I was working on an old Coats 4050A tire machine trying to bust some tires off of some rims and the “demounter” (basically a large, heavy metal prybar sort of thing) suddenly leapt free which, and I am not 100% clear on the physics here, seemed to suddenly transfer all of the force directly to my arm which then bent in a very unnatural manner. The customer, who had been idling nearby observing, immediately remarked “man, you just broke your arm!”.
Not an explosion per se but there was a Kaboom!, injuries resulting.
Lifetime mechanic here, the closest I have ever been to getting killed at work was a few months before I retired. I don’t remember if it was nitrogen or CO2. They have a pressure relief valve that blows off when they build too much pressure. Very common in hot weather. All the trucks I had worked on in the past had the blow off valve up high. I was under the truck adjust the breaks and it blew off violently, just as I was rolling out from the truck, I would say it missed me by two feet but the gas cloud still almost took me out, I was on the verge of passing out when I got out of it.

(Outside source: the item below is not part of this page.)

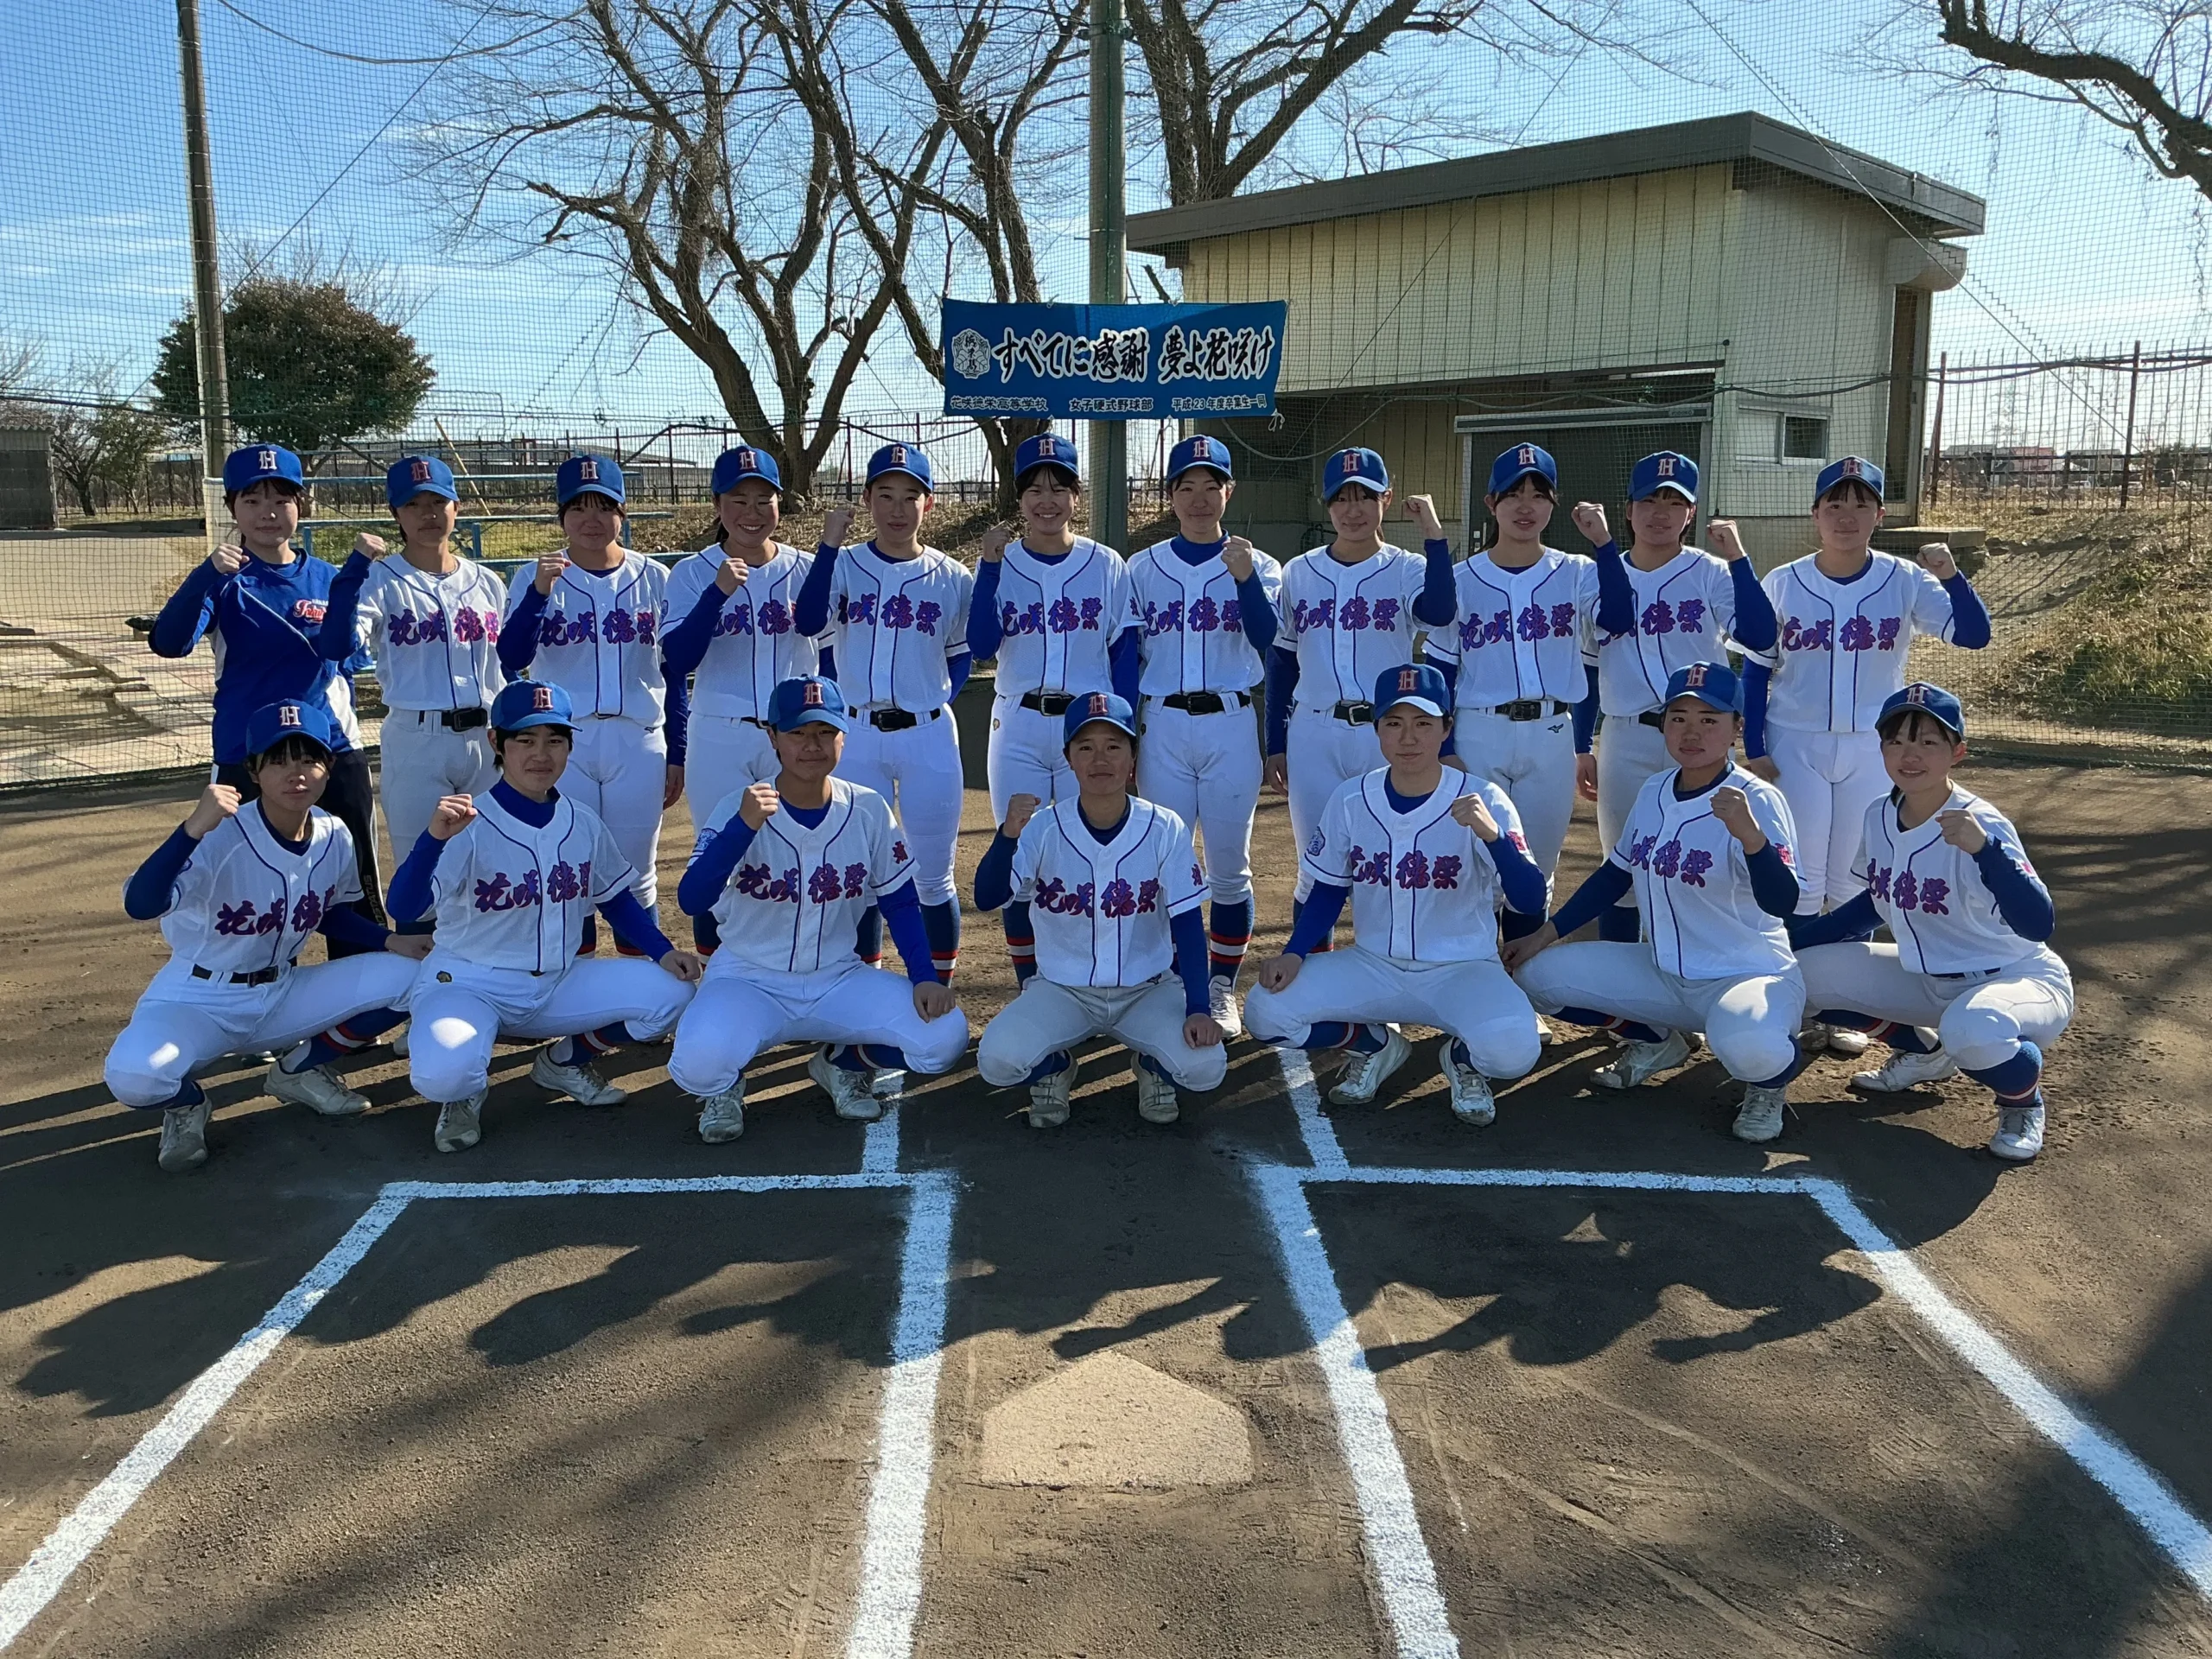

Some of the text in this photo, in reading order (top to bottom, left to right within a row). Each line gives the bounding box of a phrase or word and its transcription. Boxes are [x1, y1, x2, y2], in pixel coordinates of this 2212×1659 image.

My face would have turned to an instant ice cycle had I moved one second later.
I once worked for a movie company that did something similar. Anyway, I like to think that electricity is like snake venom, and perhaps you’ll build up a tolerance after a while.

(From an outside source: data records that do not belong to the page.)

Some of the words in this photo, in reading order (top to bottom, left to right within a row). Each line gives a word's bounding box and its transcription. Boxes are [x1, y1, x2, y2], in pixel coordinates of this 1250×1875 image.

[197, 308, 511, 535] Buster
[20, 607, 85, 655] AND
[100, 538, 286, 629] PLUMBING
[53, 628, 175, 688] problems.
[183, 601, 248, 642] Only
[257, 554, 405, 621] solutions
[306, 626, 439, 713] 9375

His mistake was to drain it and rinse it; this would have left just enough fuel in the tank to provide enough vapour to form a nice explosive mixture.
My grandfather ran a mechanical engineering workshop in a rural area and he refused to do hotwork on fuel tanks which cost him business. Most workshops would fill tank with water, to overflowing, before welding on them. This is very safe unless - as has happened more than once - there is a little bit of fuel vapour trapped in a folded seam of the tank. It is of course the seams which tend to require re-welding.